Items from a dataset:
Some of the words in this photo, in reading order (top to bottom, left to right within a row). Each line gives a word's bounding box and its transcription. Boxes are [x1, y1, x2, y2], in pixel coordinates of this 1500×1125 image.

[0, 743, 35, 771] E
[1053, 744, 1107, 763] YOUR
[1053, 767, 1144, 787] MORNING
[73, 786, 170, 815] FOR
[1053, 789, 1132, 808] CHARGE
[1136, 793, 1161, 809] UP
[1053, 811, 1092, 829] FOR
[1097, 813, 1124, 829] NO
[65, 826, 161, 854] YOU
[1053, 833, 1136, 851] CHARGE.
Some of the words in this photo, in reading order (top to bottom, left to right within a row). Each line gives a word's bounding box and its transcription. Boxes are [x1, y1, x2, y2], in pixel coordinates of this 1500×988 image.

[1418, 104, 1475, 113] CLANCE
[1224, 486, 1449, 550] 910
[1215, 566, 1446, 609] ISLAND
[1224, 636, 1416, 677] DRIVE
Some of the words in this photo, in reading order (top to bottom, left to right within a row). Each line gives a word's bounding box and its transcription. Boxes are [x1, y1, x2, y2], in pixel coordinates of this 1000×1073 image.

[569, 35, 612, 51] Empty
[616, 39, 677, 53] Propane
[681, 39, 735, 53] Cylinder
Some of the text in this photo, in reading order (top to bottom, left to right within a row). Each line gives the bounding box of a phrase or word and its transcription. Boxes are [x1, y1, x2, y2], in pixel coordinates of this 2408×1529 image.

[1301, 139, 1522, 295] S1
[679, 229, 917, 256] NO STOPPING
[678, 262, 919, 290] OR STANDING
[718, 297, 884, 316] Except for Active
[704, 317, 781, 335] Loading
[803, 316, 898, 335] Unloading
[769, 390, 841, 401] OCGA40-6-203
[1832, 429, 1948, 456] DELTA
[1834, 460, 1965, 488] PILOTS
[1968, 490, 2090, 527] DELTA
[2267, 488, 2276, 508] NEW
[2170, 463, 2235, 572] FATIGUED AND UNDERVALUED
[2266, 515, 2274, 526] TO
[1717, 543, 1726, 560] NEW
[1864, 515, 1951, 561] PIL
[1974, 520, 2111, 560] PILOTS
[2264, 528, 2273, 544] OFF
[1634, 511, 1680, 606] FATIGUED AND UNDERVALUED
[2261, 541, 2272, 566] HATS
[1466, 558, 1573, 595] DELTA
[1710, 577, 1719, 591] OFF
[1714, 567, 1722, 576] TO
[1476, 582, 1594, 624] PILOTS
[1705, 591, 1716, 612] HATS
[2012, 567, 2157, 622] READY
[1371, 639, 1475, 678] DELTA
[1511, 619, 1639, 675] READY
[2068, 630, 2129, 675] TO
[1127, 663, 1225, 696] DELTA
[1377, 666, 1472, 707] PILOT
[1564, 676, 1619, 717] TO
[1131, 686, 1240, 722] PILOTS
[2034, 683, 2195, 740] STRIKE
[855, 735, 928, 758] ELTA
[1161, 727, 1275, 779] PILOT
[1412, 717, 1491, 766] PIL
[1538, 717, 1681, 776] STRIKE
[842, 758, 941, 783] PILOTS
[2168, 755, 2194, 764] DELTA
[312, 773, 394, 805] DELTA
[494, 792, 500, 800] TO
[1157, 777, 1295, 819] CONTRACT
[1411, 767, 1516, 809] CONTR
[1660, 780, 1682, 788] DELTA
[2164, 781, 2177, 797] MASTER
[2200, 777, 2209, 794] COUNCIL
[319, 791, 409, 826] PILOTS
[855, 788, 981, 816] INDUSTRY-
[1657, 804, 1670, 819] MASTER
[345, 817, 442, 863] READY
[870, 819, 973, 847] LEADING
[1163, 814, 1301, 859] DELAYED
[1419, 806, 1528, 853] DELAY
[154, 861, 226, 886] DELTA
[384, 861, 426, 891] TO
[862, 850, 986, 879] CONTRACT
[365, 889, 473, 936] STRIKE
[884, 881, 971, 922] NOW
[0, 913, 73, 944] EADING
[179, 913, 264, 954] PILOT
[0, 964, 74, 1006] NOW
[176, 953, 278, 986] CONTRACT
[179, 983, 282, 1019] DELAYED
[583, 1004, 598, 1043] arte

Aim of the exercise: Return every entry exactly as given.

Completed exercise:
Some of the words in this photo, in reading order (top to bottom, left to right within a row). Each line gives a word's bounding box and its transcription. Boxes are [x1, y1, x2, y2], in pixel coordinates of this 1500×1125 image.

[0, 743, 35, 771] E
[1053, 744, 1107, 763] YOUR
[1053, 767, 1144, 787] MORNING
[73, 786, 170, 815] FOR
[1053, 789, 1132, 808] CHARGE
[1136, 793, 1161, 809] UP
[1053, 811, 1092, 829] FOR
[1097, 813, 1124, 829] NO
[65, 826, 161, 854] YOU
[1053, 833, 1136, 851] CHARGE.
Some of the words in this photo, in reading order (top to bottom, left to right within a row). Each line gives a word's bounding box and its transcription. Boxes are [x1, y1, x2, y2], in pixel coordinates of this 1500×988 image.

[1418, 104, 1475, 113] CLANCE
[1224, 486, 1449, 550] 910
[1215, 566, 1446, 609] ISLAND
[1224, 636, 1416, 677] DRIVE
Some of the words in this photo, in reading order (top to bottom, left to right within a row). Each line gives a word's bounding box and its transcription. Boxes are [x1, y1, x2, y2], in pixel coordinates of this 1000×1073 image.

[569, 35, 612, 51] Empty
[616, 39, 677, 53] Propane
[681, 39, 735, 53] Cylinder
Some of the text in this photo, in reading order (top to bottom, left to right within a row). Each line gives the bounding box of a phrase or word and its transcription. Boxes are [x1, y1, x2, y2], in pixel coordinates of this 2408×1529 image.

[1301, 139, 1522, 295] S1
[679, 229, 917, 256] NO STOPPING
[678, 262, 919, 290] OR STANDING
[718, 297, 884, 316] Except for Active
[704, 317, 781, 335] Loading
[803, 316, 898, 335] Unloading
[769, 390, 841, 401] OCGA40-6-203
[1832, 429, 1948, 456] DELTA
[1834, 460, 1965, 488] PILOTS
[1968, 490, 2090, 527] DELTA
[2267, 488, 2276, 508] NEW
[2170, 463, 2235, 572] FATIGUED AND UNDERVALUED
[2266, 515, 2274, 526] TO
[1717, 543, 1726, 560] NEW
[1864, 515, 1951, 561] PIL
[1974, 520, 2111, 560] PILOTS
[2264, 528, 2273, 544] OFF
[1634, 511, 1680, 606] FATIGUED AND UNDERVALUED
[2261, 541, 2272, 566] HATS
[1466, 558, 1573, 595] DELTA
[1710, 577, 1719, 591] OFF
[1714, 567, 1722, 576] TO
[1476, 582, 1594, 624] PILOTS
[1705, 591, 1716, 612] HATS
[2012, 567, 2157, 622] READY
[1371, 639, 1475, 678] DELTA
[1511, 619, 1639, 675] READY
[2068, 630, 2129, 675] TO
[1127, 663, 1225, 696] DELTA
[1377, 666, 1472, 707] PILOT
[1564, 676, 1619, 717] TO
[1131, 686, 1240, 722] PILOTS
[2034, 683, 2195, 740] STRIKE
[855, 735, 928, 758] ELTA
[1161, 727, 1275, 779] PILOT
[1412, 717, 1491, 766] PIL
[1538, 717, 1681, 776] STRIKE
[842, 758, 941, 783] PILOTS
[2168, 755, 2194, 764] DELTA
[312, 773, 394, 805] DELTA
[494, 792, 500, 800] TO
[1157, 777, 1295, 819] CONTRACT
[1411, 767, 1516, 809] CONTR
[1660, 780, 1682, 788] DELTA
[2164, 781, 2177, 797] MASTER
[2200, 777, 2209, 794] COUNCIL
[319, 791, 409, 826] PILOTS
[855, 788, 981, 816] INDUSTRY-
[1657, 804, 1670, 819] MASTER
[345, 817, 442, 863] READY
[870, 819, 973, 847] LEADING
[1163, 814, 1301, 859] DELAYED
[1419, 806, 1528, 853] DELAY
[154, 861, 226, 886] DELTA
[384, 861, 426, 891] TO
[862, 850, 986, 879] CONTRACT
[365, 889, 473, 936] STRIKE
[884, 881, 971, 922] NOW
[0, 913, 73, 944] EADING
[179, 913, 264, 954] PILOT
[0, 964, 74, 1006] NOW
[176, 953, 278, 986] CONTRACT
[179, 983, 282, 1019] DELAYED
[583, 1004, 598, 1043] arte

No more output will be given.